Not all concocted stories work. Says Chaudhury, “Take the case of Kurbaan. Audiences were turned off by a tabloid story about how Kareena Kapoor could not watch the film with her mother. As a result, audiences stayed away.” Tina Keshwani, 37-year-old housewife and an avid movie watcher, says, “After months of Hrithik Roshan’s affair with Barbara Mori, his wife’s walk-out over it, him getting the same tattoo as Barbara, suddenly nobody’s talking about them… obviously because their film together has come and gone! Sometimes it’s fun to read, sometimes I get bugged that they think we’re so dumb we’ll believe anything!” Layman criticism of these tactics often shows up on film blogs. Moifightclub, anonymous and vitriolic writer against Bollywood actors, directors and studios, says, ‘It’s so easy to spot fake stories. Today, one tabloid carried a story on how Khatta Meetha was a hit, although it’s common knowledge that the film has done average business. Another paper reported how Lamhaa had bankrupted its producer. It was obvious that one was to plug Akshay Kumar’s star status, the other to spare producer Bunty Walia from paying the dues to his cast and crew!’

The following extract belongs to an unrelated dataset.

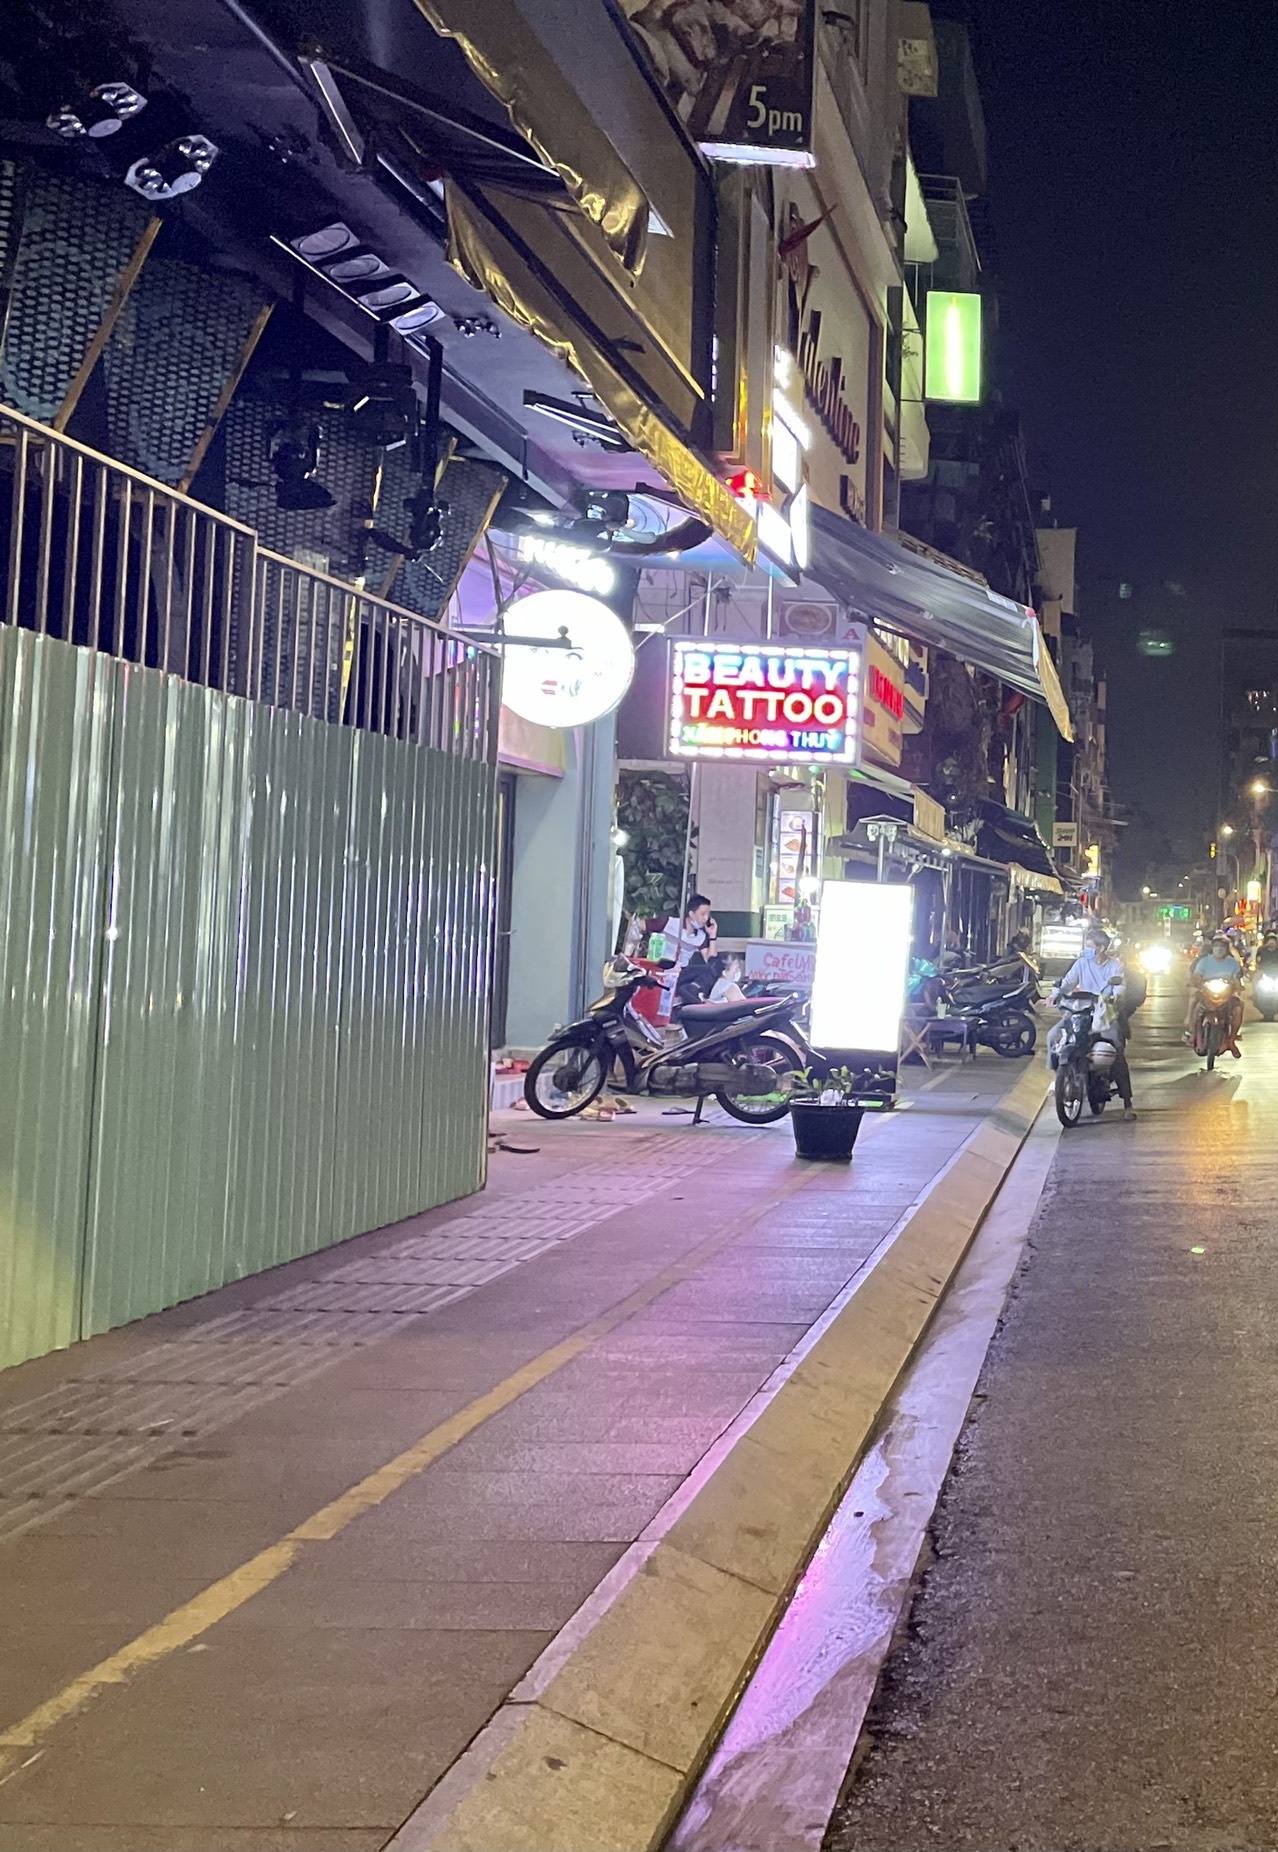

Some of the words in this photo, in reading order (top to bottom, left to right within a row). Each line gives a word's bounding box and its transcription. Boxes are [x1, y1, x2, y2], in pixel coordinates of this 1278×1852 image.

[747, 86, 802, 132] 5pm
[684, 653, 846, 690] BEAUTY
[683, 688, 843, 724] TATTOO

In some cases, the truth uncomfortably filters its way out. Quoting a ‘close source’, a tabloid patted Abhishek Bachchan on the back for diving 90 ft off a cliff in Raavan. Weeks later, a former diving champion MS Balram set the record straight— he had taken the giant leap, not Bachchan. B-level actors take spin-doctoring to a new level. On 29 July, a front-page article spoke of how cricketer Harbhajan Singh was trying hard through his ‘Bollywood contacts’ to rekindle starlet Geeta Basra’s flagging career. Singh obviously wasn’t available for quotes and Basra dutifully trotted out the “we’re just good friends” line. Others like Neetu Chandra feed inanities like her willingness to dump her swanky car to take the ferry to Madh Island. A tabloid journalist says that she often picks up her phone to hear the dusky voice of a glamorous actress feeding her self-trivia. “She doesn’t mind if we publish fake stories about her on-off relationship with her London businessman beau, just as long as she’s still in the news,” says the reporter.
When you read about how Kareena Kapoor personally fed a starving fan who hung around outside her building gate for three days, it’s time to raise your eyebrows. When a glossy newspaper tells you Priyadarshan is in ‘direct talks’ with Penelope Cruz and Kate Hudson for his Hollywood debut, be suspicious. But in a very few cases, the news is actually true. When Shah Rukh Khan was detained at Newark airport in the US months before the release of this year’s hit My Name Is Khan, rival film directors sniggered that the incident was blown out of proportion for publicity. MNIK director Karan Johar said at the time, “If I had that much power over US Homeland Security, why would I allow Shah Rukh to go through something like this?” He found the whole episode upsetting, but then, in a country of thieves, how do you recognise an honest man?